The four corner squares and the central throne (where the King starts) are restricted squares: only the King may occupy the throne and corners. Guards and raiders cannot land on them, though they may pass through the throne when it is empty.
Capturing
A piece is captured by custodian capture: sandwich the enemy piece between two of your own pieces on a straight horizontal or vertical line. The sandwiched piece is removed from the board.
- You may safely move into a sandwich position (between two enemies) without being captured — only stationary pieces are captured.
- The throne and corner squares act as hostile squares for the purpose of capture — a piece sandwiched between an enemy and the throne (or corner) is captured.
Capturing the King
The King is harder to capture than ordinary pieces:
- When the King is away from the throne, he must be surrounded on all 4 orthogonal sides by raiders (or raiders + board edge) to be captured.
- When the King is on or adjacent to the throne, all 4 sides must be covered by raiders.
Winning Conditions
- Defenders win if the King reaches any of the four corner squares.

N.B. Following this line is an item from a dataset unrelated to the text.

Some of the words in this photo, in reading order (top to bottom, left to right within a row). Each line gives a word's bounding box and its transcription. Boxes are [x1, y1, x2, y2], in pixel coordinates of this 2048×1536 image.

- Attackers win if they capture the King.
- A player who cannot make any legal move also loses.
Strategy Tips
- Defenders: move the King toward a corner early, using guards as a screen. Two open diagonal paths to different corners create a fork that attackers cannot block simultaneously.

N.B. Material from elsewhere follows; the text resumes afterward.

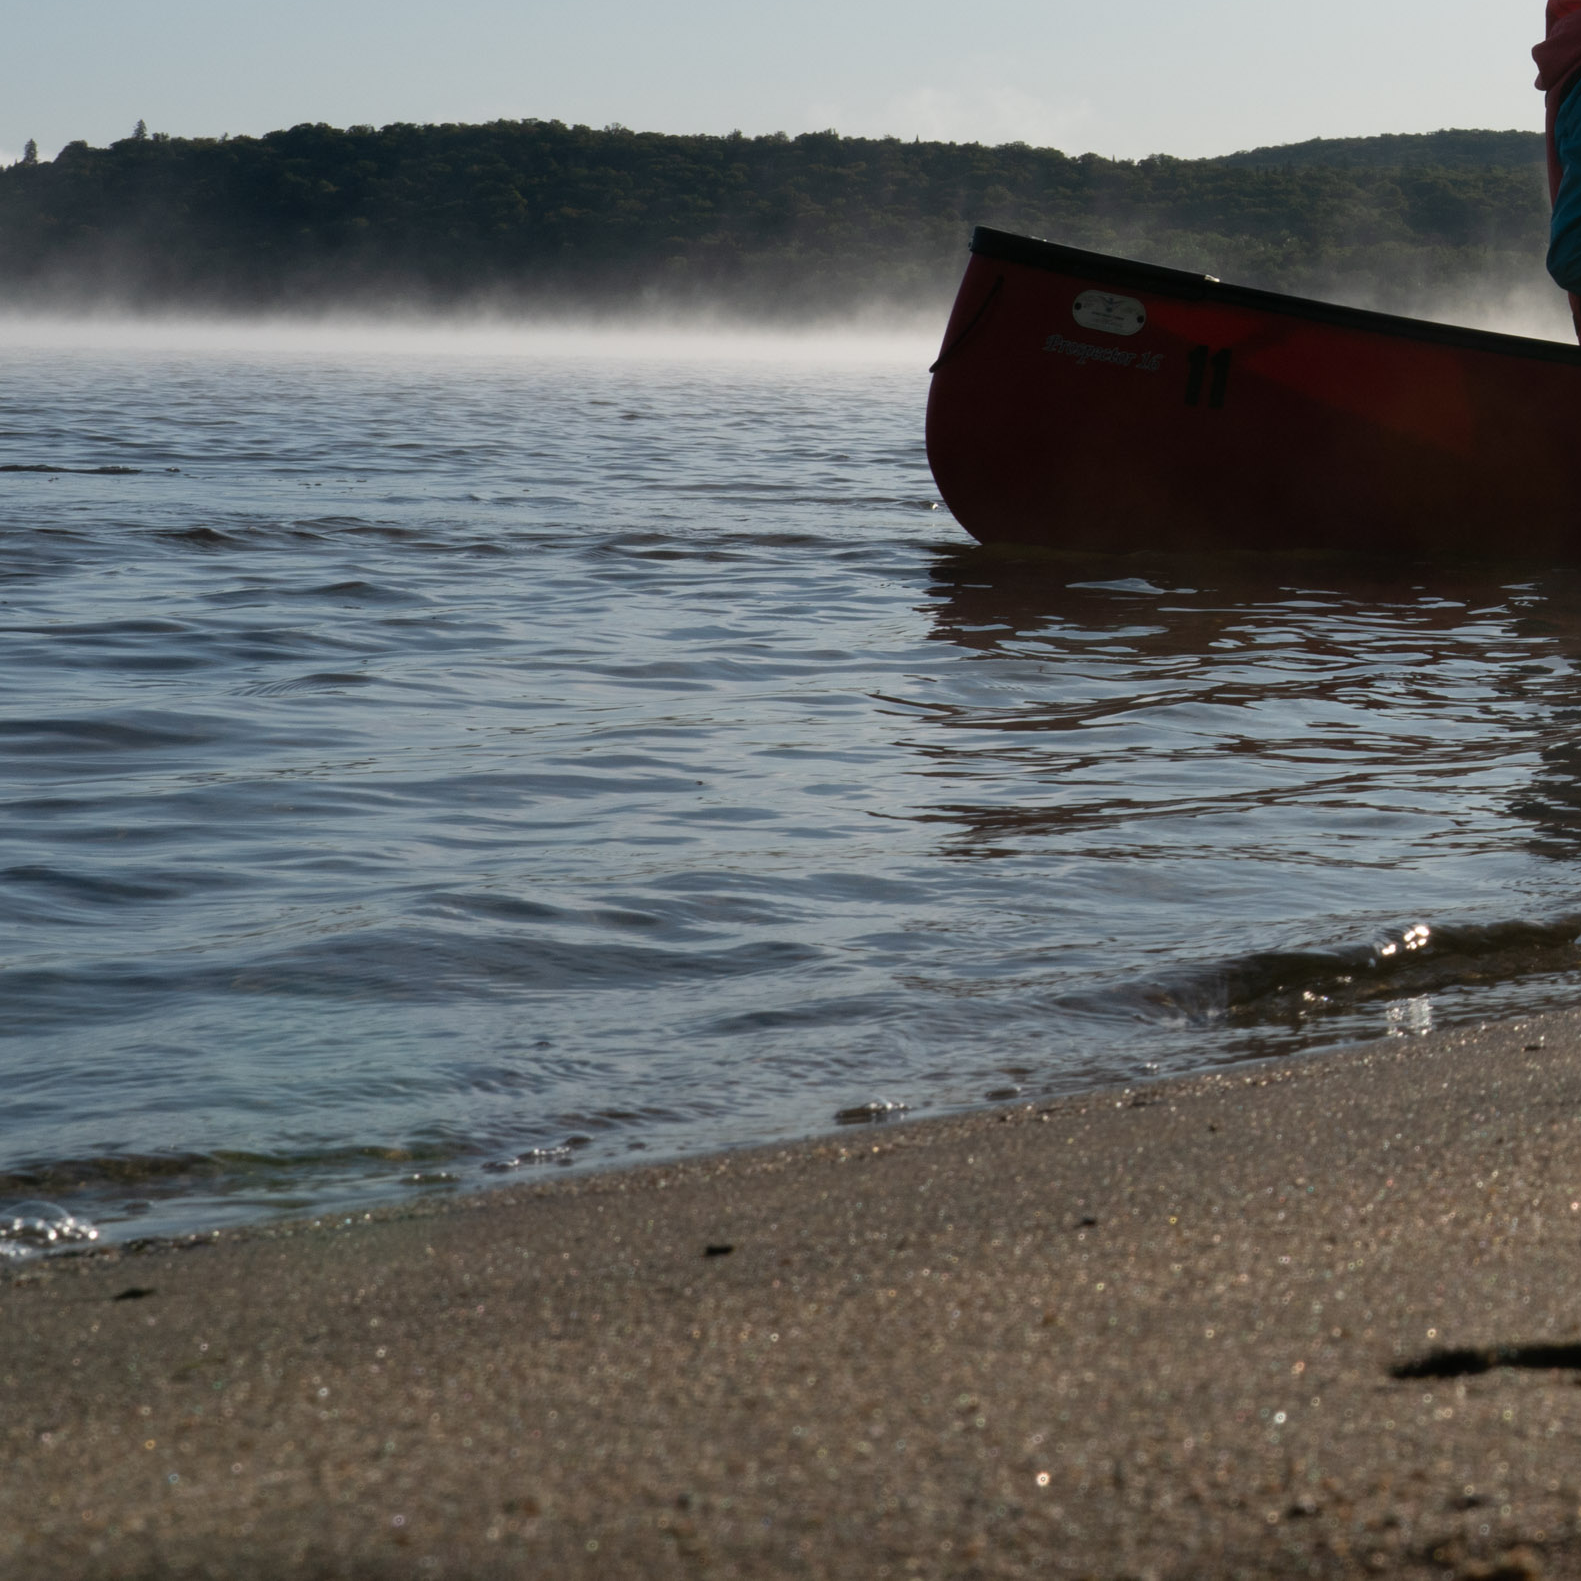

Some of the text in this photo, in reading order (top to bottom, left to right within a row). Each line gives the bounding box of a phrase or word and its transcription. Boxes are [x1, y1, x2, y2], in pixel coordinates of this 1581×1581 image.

[1042, 335, 1165, 372] Prospector 16
[1184, 345, 1233, 409] 11

- Attackers: build a cordon. Cut off the corners by placing raiders on the key approach squares — a King with no accessible corner is effectively cornered himself.
- Trade pieces carefully. Defenders can afford to lose a few guards if the King gets a clear path; attackers cannot afford to open a lane to the corner.
Cultural Context
Hnefatafl boards have been found in Viking burial mounds across Scandinavia and the British Isles, indicating the game was valued enough to accompany warriors into the afterlife. The game's asymmetric design — a single king holding out against overwhelming numbers — reflects a deeply Norse narrative theme: the outnumbered hero, the last stand, the king who must escape rather than conquer.
When chess arrived in Scandinavia around 1000 AD, Hnefatafl was so established that the two games coexisted for over a century. References to Hnefatafl appear in the Icelandic sagas, and boards scratched into stone have been found as far east as the Orkney Islands and as far north as Lapland.